Drowned by the growing hyperinflation, the decreasing demand and sinking prices of oil, and the unfathomable concept of common ground, the Venezuelan economy now is near to becoming a relic and sinking deeper into the ocean of instability and futility. With wages that do not correspond with the rising prices, the citizens are left clutching the Bolivar that allows them to afford little to no viands. The economy that once soared globally, bracketed by its enormous oil tanks, now fuels more annual emigrants than a reliable government revenue. Concord, an idea that had taken a step back since the presidential inauguration of Hugo Chavez in 1999, still seems to be prompting heavily dominated biases and negligence of apprehension. This eclectic set of issues has directed the Venezuelan economy to face a crisis: one that embraces poverty, violation, and mass migration.

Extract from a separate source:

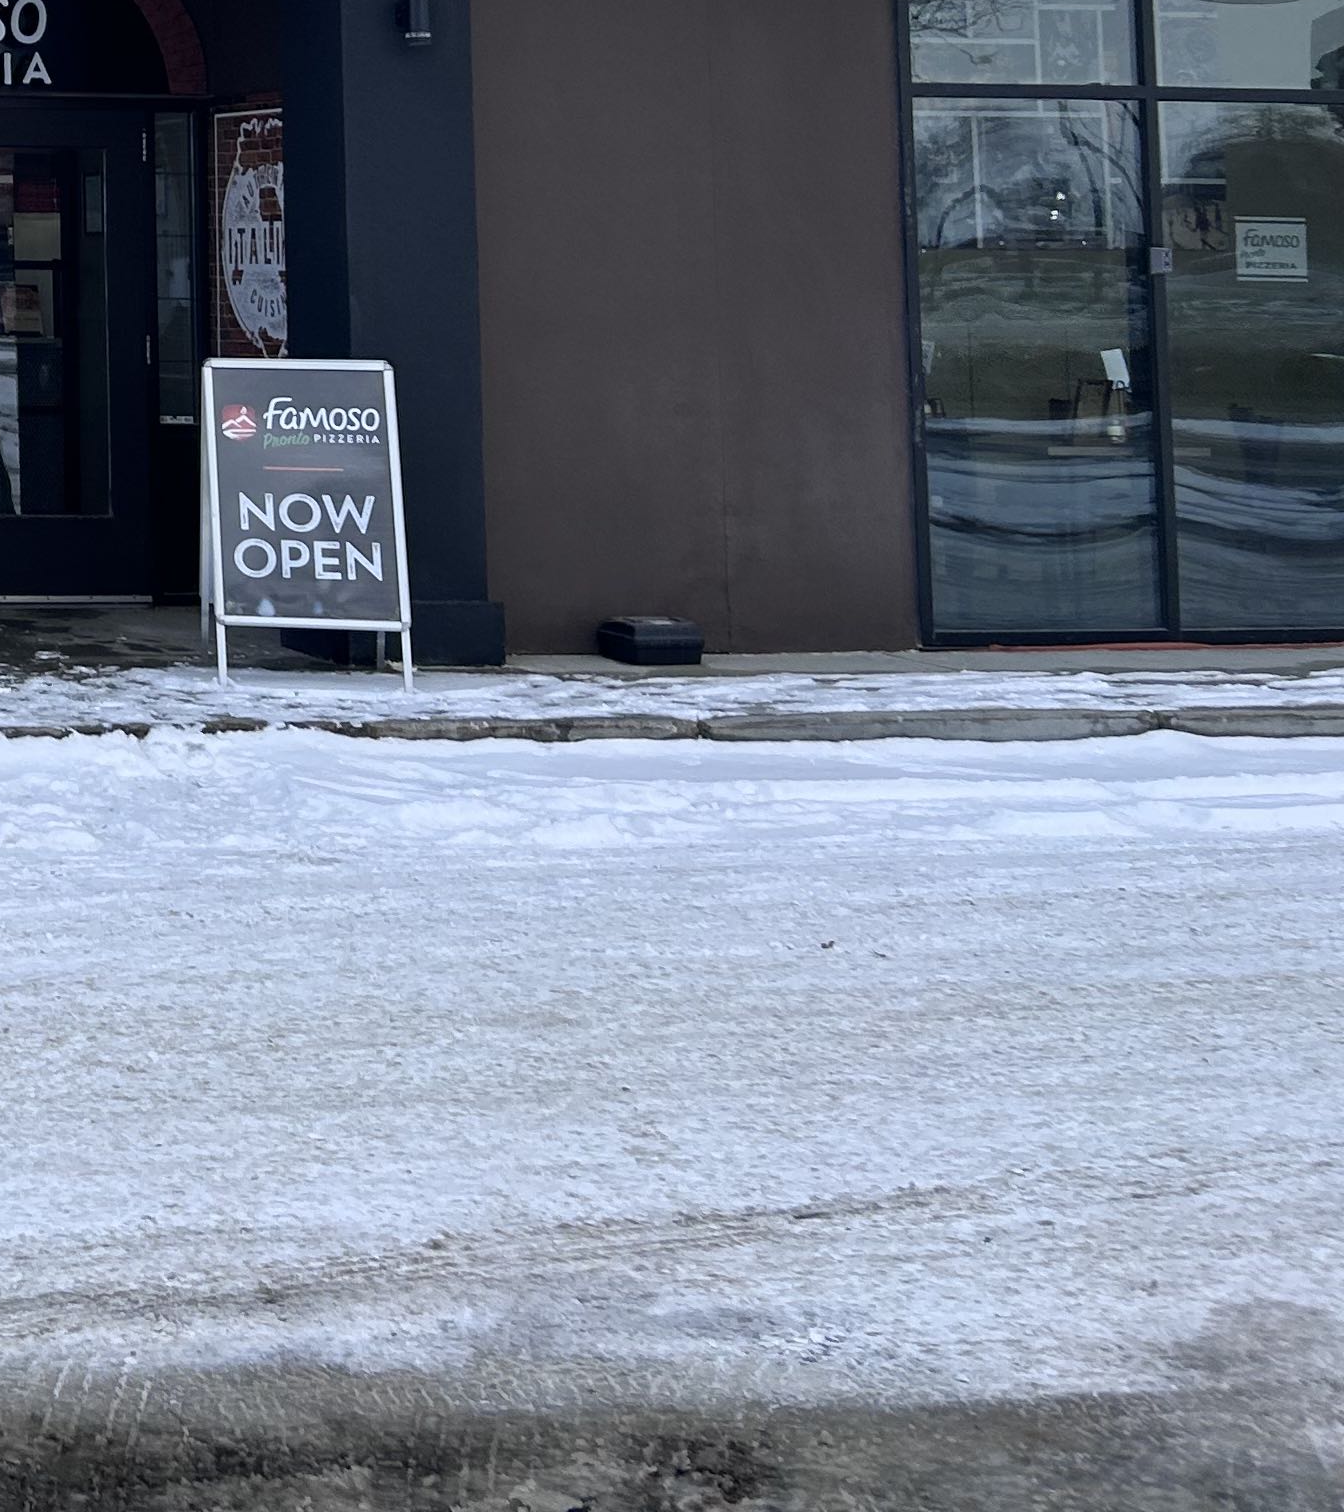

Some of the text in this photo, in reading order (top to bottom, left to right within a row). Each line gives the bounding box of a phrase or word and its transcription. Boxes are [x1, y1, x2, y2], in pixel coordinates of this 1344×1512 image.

Initially, the country used to face protests caused by distinct political opinions. Now, they have exacerbated due to a severe deficit of basic necessities and the crippling fear of insecurity. The scarcity of resources and viable infrastructure has caused a series of medical outbreaks with constricted health services. Additionally, approximately 22.9% have faced critical undernourishment and millions of others have encountered widespread shortages of food.  

While different organizations and actors conclude varying opinions on the human rights situation within the economy, many summarize the commonality of politically motivated arrests and arbitrary detentions. Allegations against the government related to extrajudicial killings, restrictions on peaceful protests, imitation of journalists and human rights defenders, and suppressed rights for information have led to rising concern by international forces. With the political, economic, and social grimness in the country, millions of Venezuelans have chosen to flee, seeking a better life elsewhere. Consequently, the inclining trend of emigrants and refugees has had a significant burden on host countries in South America. 

Even with aid from the United Nations and other international organizations, the country’s crisis that stems from a  complex political situation makes the aid distribution less effective. While numerous attempts to maintain political and economic stability in Venezuela have been made, little to no progress can be depicted.

Keeping in gaze the futility of the attempts and the escalation of the Venezuelan crisis, finding a peaceful and lasting solution seems like a crucial element towards urgent improvements. Until these improvements are made the international community should increase their humanitarian assistance to provide the essentials to the millions that remain deprived.